A un minuto del malecón de Queréndaro y a 40 minutos de los azufres, se encuentra el restaurante de mariscos Titanic 1, un negocio familiar con vista al lago que, con el paso de los años, se ha consolidado como uno de los puntos gastronómicos más representativos de la zona.
Estela Terrazas Santillán compartió la historia de este establecimiento, fundado hace 23 años por su hermano José Terrazas Santillán, quien, tras una infancia marcada por carencias económicas, decidió migrar a Estados Unidos con el objetivo de construir un mejor futuro para él y su familia.
Con ese propósito, regresó a Queréndaro para abrir un restaurante que le permitiera generar estabilidad económica, proyecto que con el tiempo se materializó en Titanic 1.
Gracias al esfuerzo constante, el negocio creció y se expandió, dando paso a nuevos establecimientos como Titanic 2 y Titanic 3, además de la reciente apertura de “La Lanchita del Titanic”, un concepto más ágil pero con el mismo enfoque en la atención al cliente.

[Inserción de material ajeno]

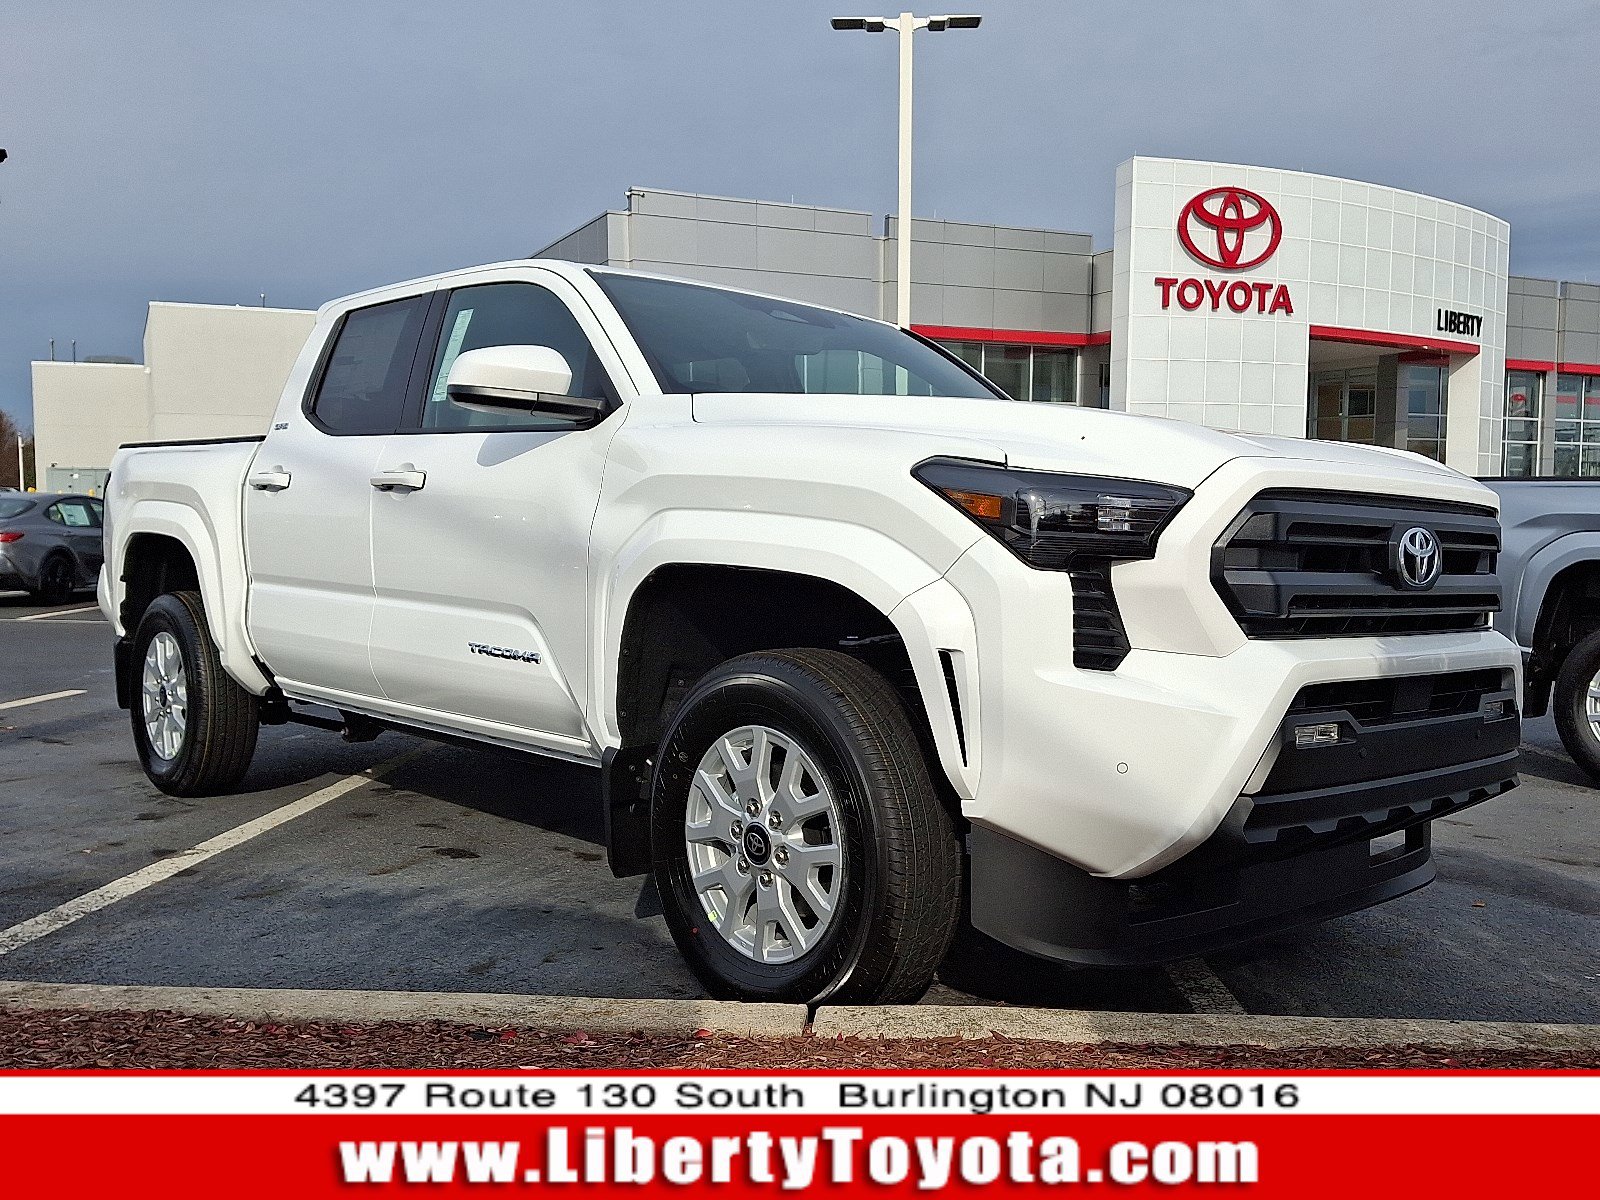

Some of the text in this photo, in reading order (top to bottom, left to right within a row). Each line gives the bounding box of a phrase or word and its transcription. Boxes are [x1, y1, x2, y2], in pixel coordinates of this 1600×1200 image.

[1155, 277, 1294, 315] TOYOTA
[1437, 308, 1483, 337] LIBERTY
[467, 641, 541, 665] TACOMA
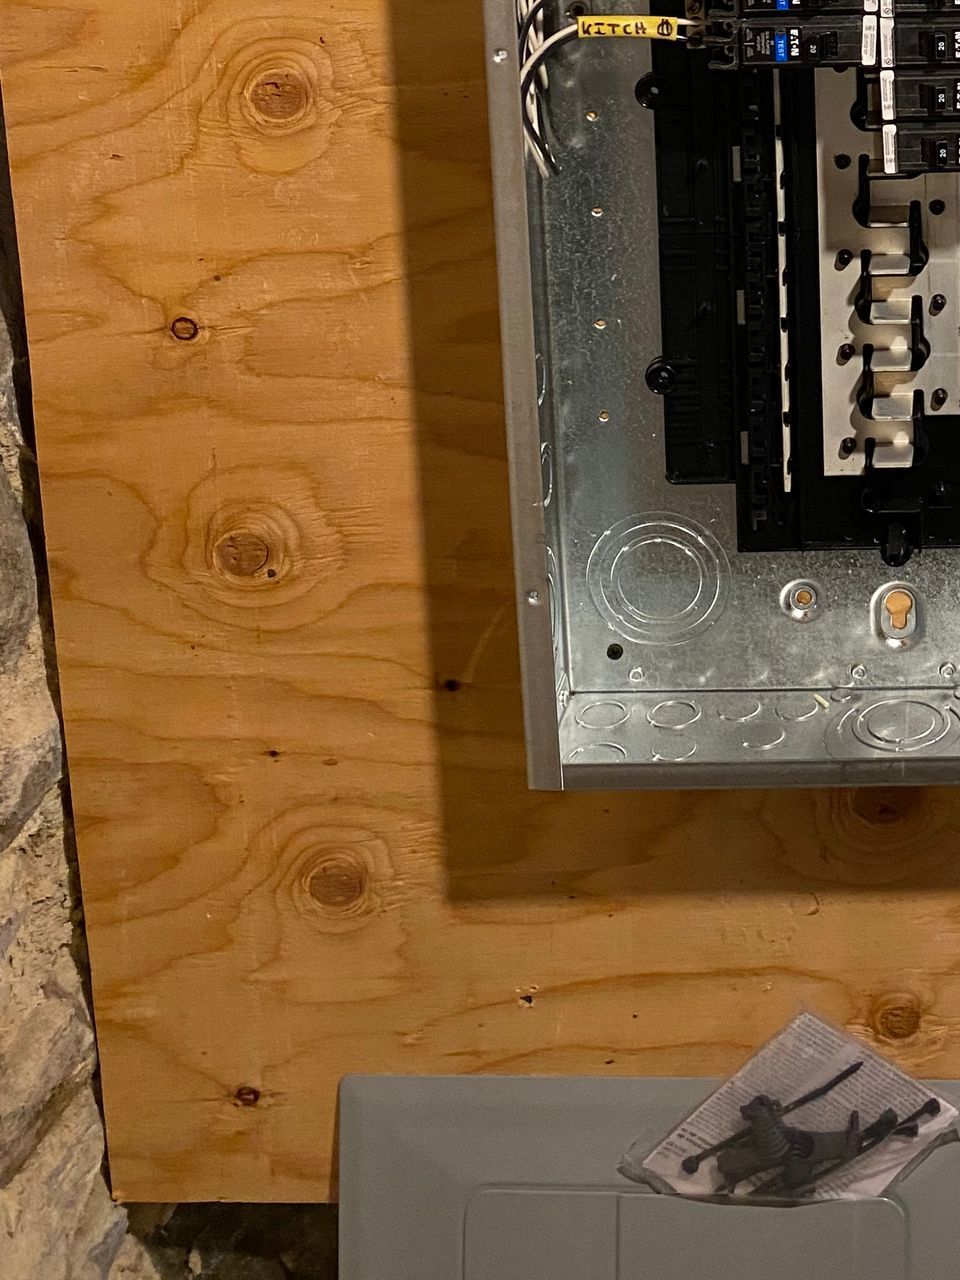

El restaurante ofrece una variedad de platillos de mar y tierra con un sazón casero, lo que, sumado a su ubicación frente al lago, lo convierte en una opción atractiva tanto para habitantes como para visitantes.
Actualmente, su presencia en Queréndaro es notable, especialmente los fines de semana, cuando familias y grupos de amigos acuden al lugar para convivir y disfrutar de su oferta gastronómica.